(WORK REQUEST): For the data below, report only the number of lines containing the string "phrase".

(RECORD EXCERPTS):
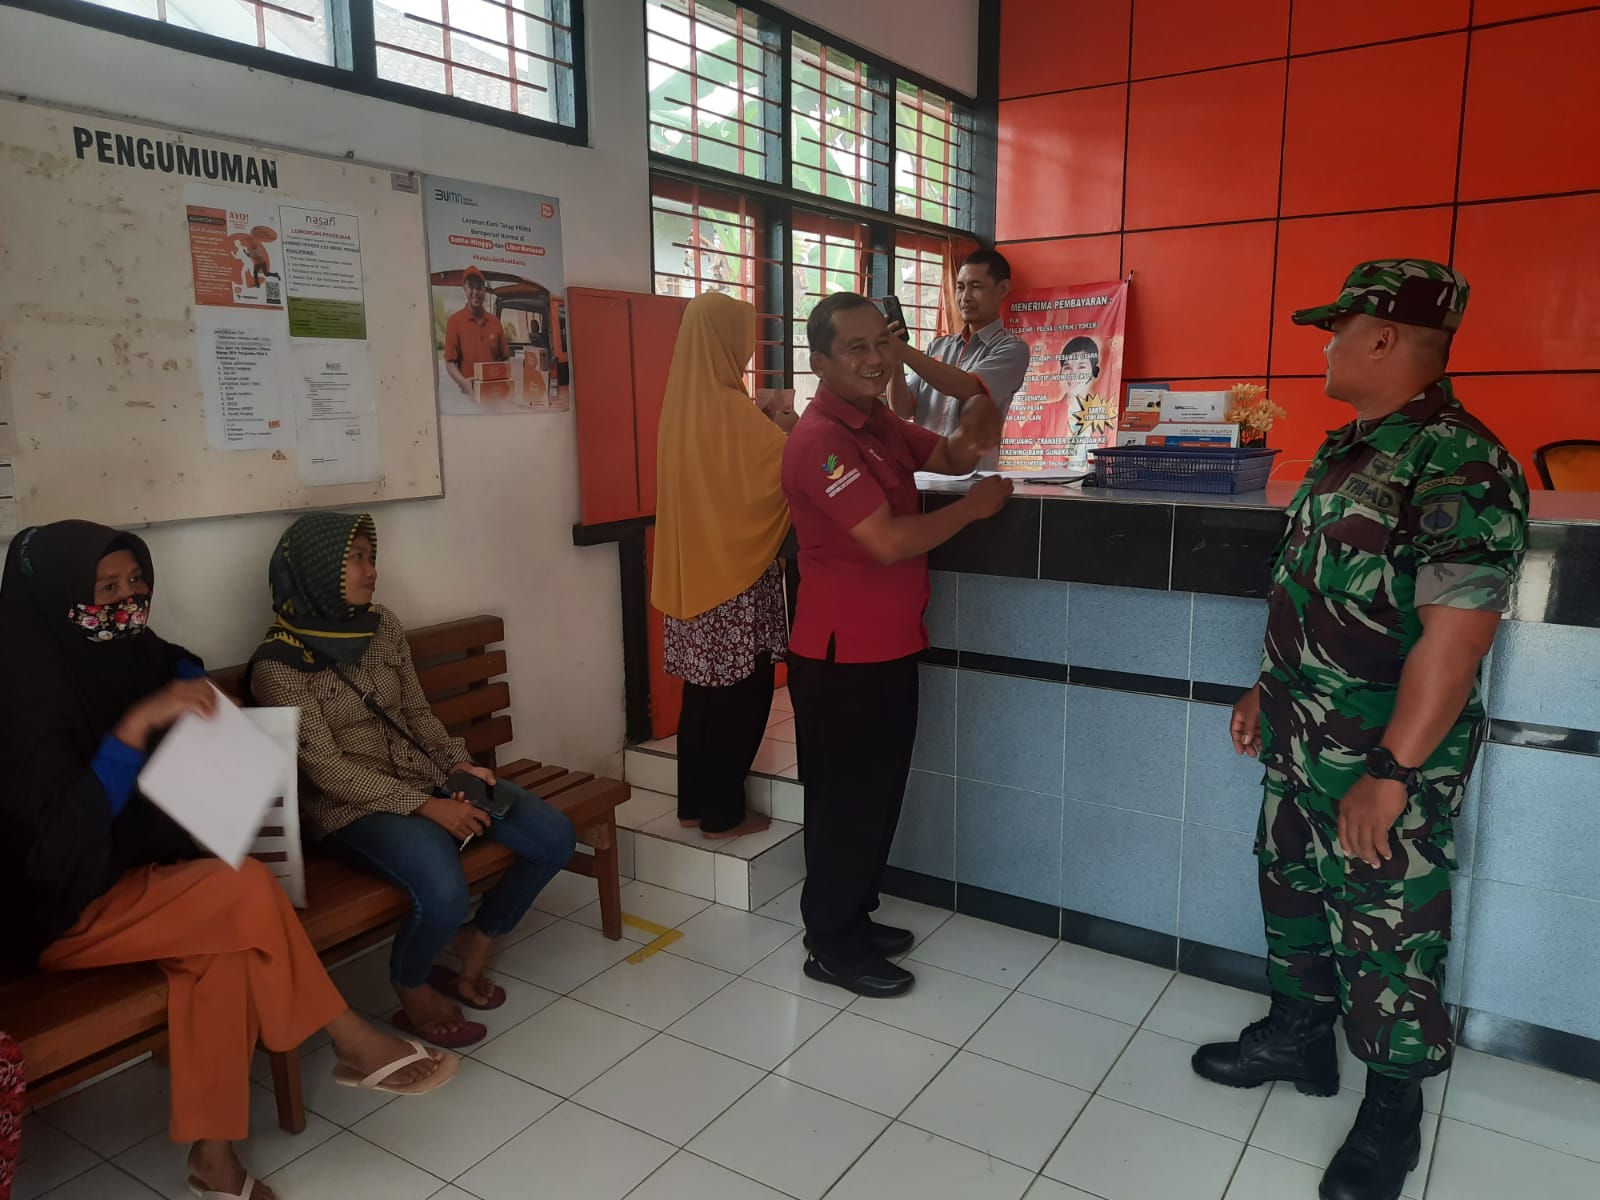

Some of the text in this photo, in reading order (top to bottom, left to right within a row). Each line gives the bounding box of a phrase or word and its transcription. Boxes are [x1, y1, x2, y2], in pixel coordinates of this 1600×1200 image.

--

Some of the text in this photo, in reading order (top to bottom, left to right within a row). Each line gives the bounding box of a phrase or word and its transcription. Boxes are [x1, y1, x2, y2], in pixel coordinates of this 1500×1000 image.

==

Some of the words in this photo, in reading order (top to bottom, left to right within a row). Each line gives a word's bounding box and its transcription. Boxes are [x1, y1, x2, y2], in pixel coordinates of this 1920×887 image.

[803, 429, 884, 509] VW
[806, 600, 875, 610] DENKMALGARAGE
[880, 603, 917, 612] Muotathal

(RESULT BELOW): 2